The recent brouhaha over breast cancer screening is about recommendations—what different experts say women of different ages should do. But even where the experts widely agree, a significant number of women simply aren't going in for screening mammography. In 2005, just 71.8 percent of women between the ages of 50 and 64 and 72.5 percent of women ages 65 to 74 had received a mammogram within the previous two years, according to government figures. "We are still not doing a very good job for women when there is no controversy over whether they should be screened," says Amal Trivedi, assistant professor in the department of community health at Brown University's Alpert Medical School. (The United States Preventive Services Task Force's new guidelines call for women not to be routinely screened in their 40s but to discuss the ups and downs of the test with their physicians. They say that women should start getting mammograms every other year at age 50 and that there's not enough evidence to weigh in on whether women 75 and older should be screened. The American Cancer Society recommends annual mammograms for women 40 and up.)
If you subscribe to women's magazines or buy pink-ribboned products every October, you may not understand how anyone could miss the mammogram message. But plenty of women fall through the cracks. Research suggests several different reasons, says Susan Brown, a nurse and director of health education at Susan G. Komen for the Cure. First, there are access and money issues. A review of existing research published last year in the Journal of Women's Health identified factors in a woman's decision to have a mammogram. "Access to doctors stands out," says Rebecca Smith-Bindman, lead author of the study and a professor of radiology and epidemiology at the University of California-San Francisco. If a woman didn't have a primary care physician, she was far less likely to be tested. Another predictor of screening: whether or not a woman's physician recommended a mammogram (some don't).
Insurance also plays a role. Lack of healthcare coverage meant a lower likelihood of getting screened, according to Smith-Bindman's study. And a study led by Trivedi found that even small copayments were linked to lower screening rates. A copay of as little as $12 was associated with an 11 percent reduction in the rate of mammography among women ages 65 to 69, according to the study, published last year in the New England Journal of Medicine. Women in this age group are often on a fixed income, Trivedi says. "And preventive services can be seen as less important than acute care—ER visits, for example, aren't influenced by a copay. But the benefits of a mammogram are less concrete and may occur years in the future," he says. In addition to the cost of the procedure, there are potentially indirect costs, says Brown, including transportation and lost wages.

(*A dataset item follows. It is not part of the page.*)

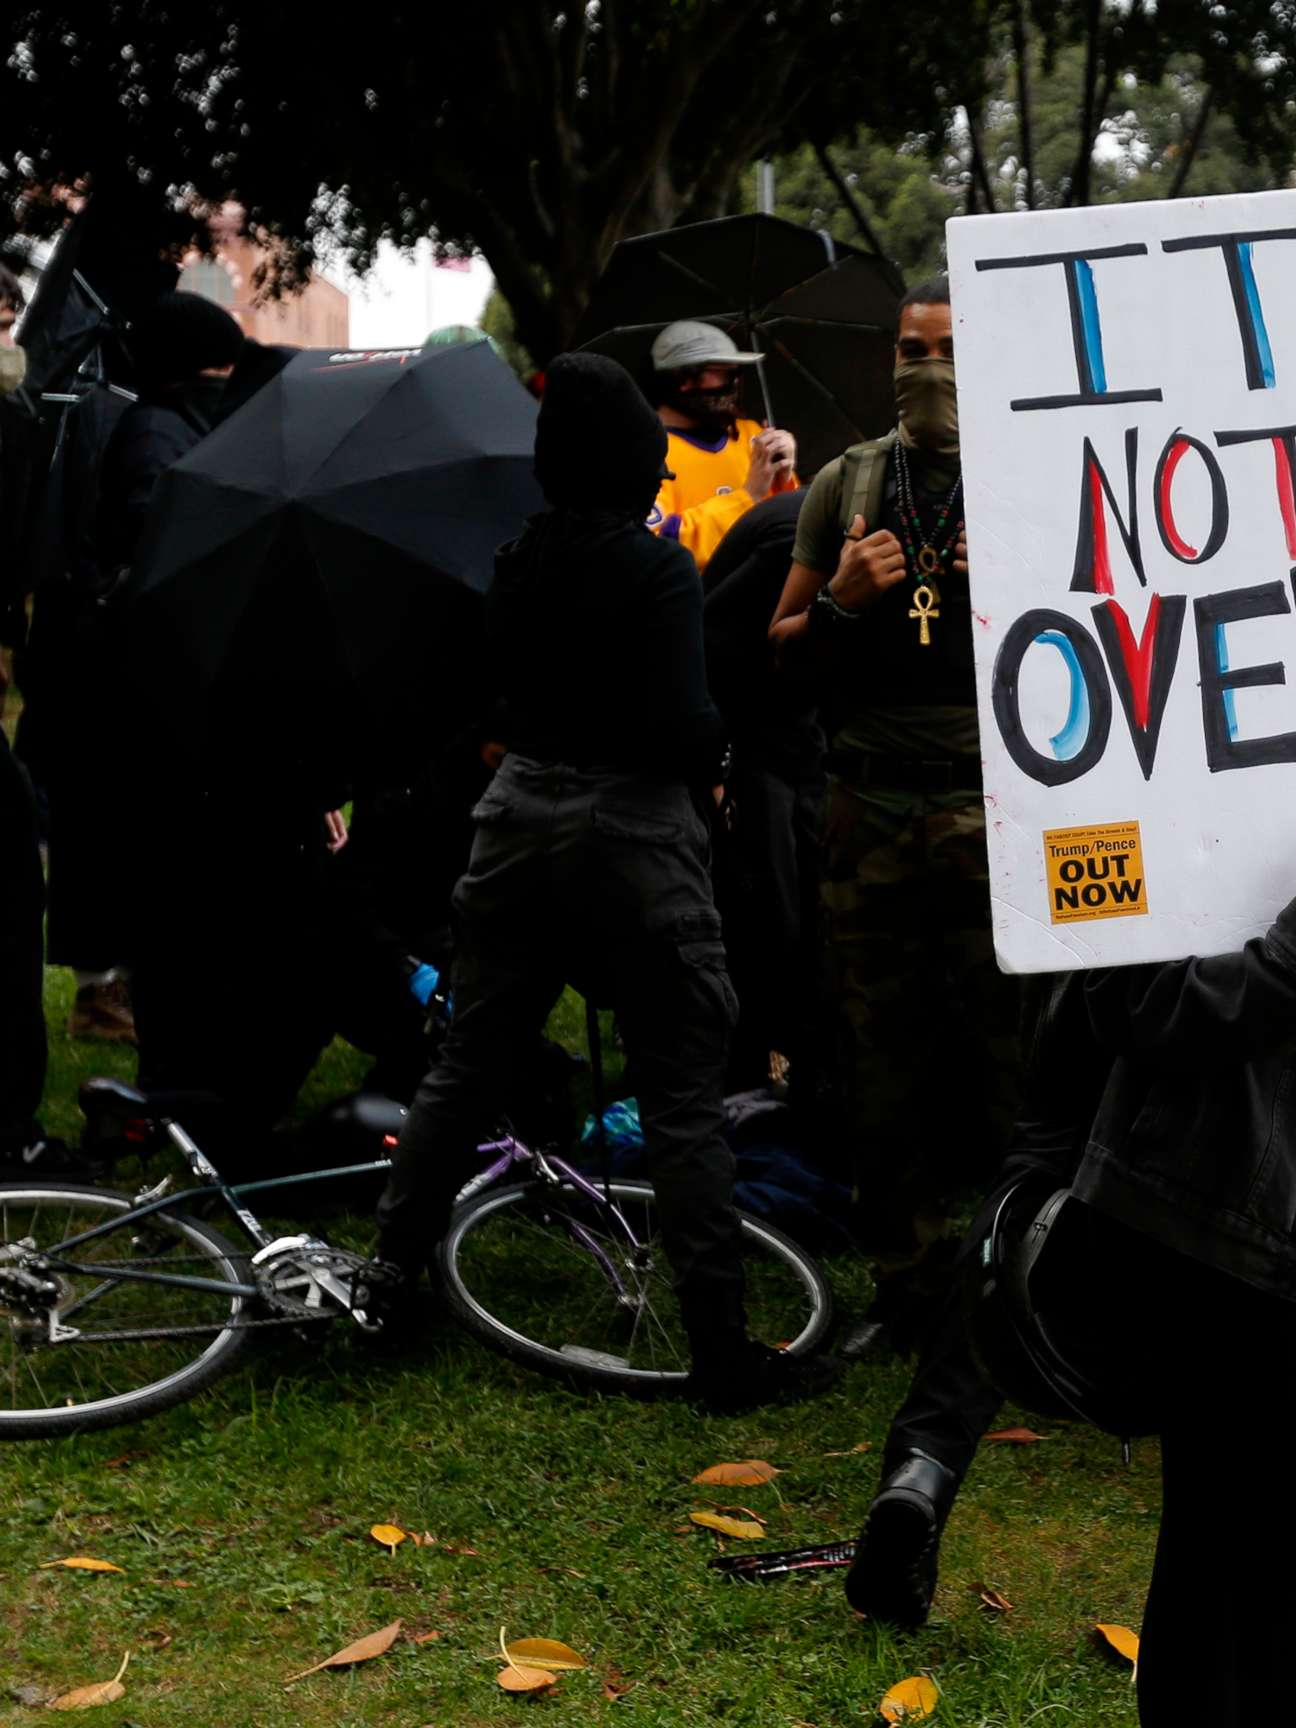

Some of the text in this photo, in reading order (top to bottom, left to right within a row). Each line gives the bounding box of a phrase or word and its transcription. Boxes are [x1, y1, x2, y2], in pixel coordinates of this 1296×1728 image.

In addition, Brown says, there are noneconomic reasons. "Sometimes, women just get busy," she says. "They forget when they had their last mammogram" and, before they know it, they've gone past their recommended screening interval. (The American Cancer Society and other groups recommend annual mammograms; the new guidelines from the task force say every other year is better.) Rates of mammography are even lower among African-American, Hispanic, and Asian women, and that cannot be entirely explained by disparities in income and education. (There are language barriers for new immigrants, for example.) The disparity in screening rates contributes to differences in mortality rates, says Smith-Bindman.
Myths, misconceptions, and misinformation also cause women to skip mammograms, says Jakob Jensen, an assistant professor of communication at Purdue University in West Lafayette, Ind. Negative, incomplete, or conflicting messages over the past two decades give an excuse to women who are "looking for reasons to opt out," he says. (Of course, advocates of the new screening recommendations would argue that women should be made well aware of the harms and limits of mammography, such as a potential for false positives and unnecessary follow-up procedures, even if that makes them question their decision to get tested.) Jensen is worried about the new guidelines for this reason. It takes women a while to get in the habit of screening, he says, so telling them to start at 50 probably means they will not start until a few years later—and cases of cancer may be missed.
So how is this tide likely to turn? Plenty of people are working on it. Free and low-cost mammograms are available in many communities; for information, call 877-465-6636. Jensen has received an American Cancer Society grant to develop software programs that will more effectively tailor individualized screening messages to women. The idea is that a woman would sit down at a computer in the doctor's office and answer a few questions about her personal and family history, other risk factors, and feelings about mammography, and she'd get information on the screen and in a customized pamphlet that would address her specific concerns or beliefs. The software, which Jensen is also developing to tailor messages about colon cancer screening and which will be distributed free on Purdue's website, should be available in some places by next summer, he says. If the recent debate is any indicator, the mammogram conversation will still be going strong.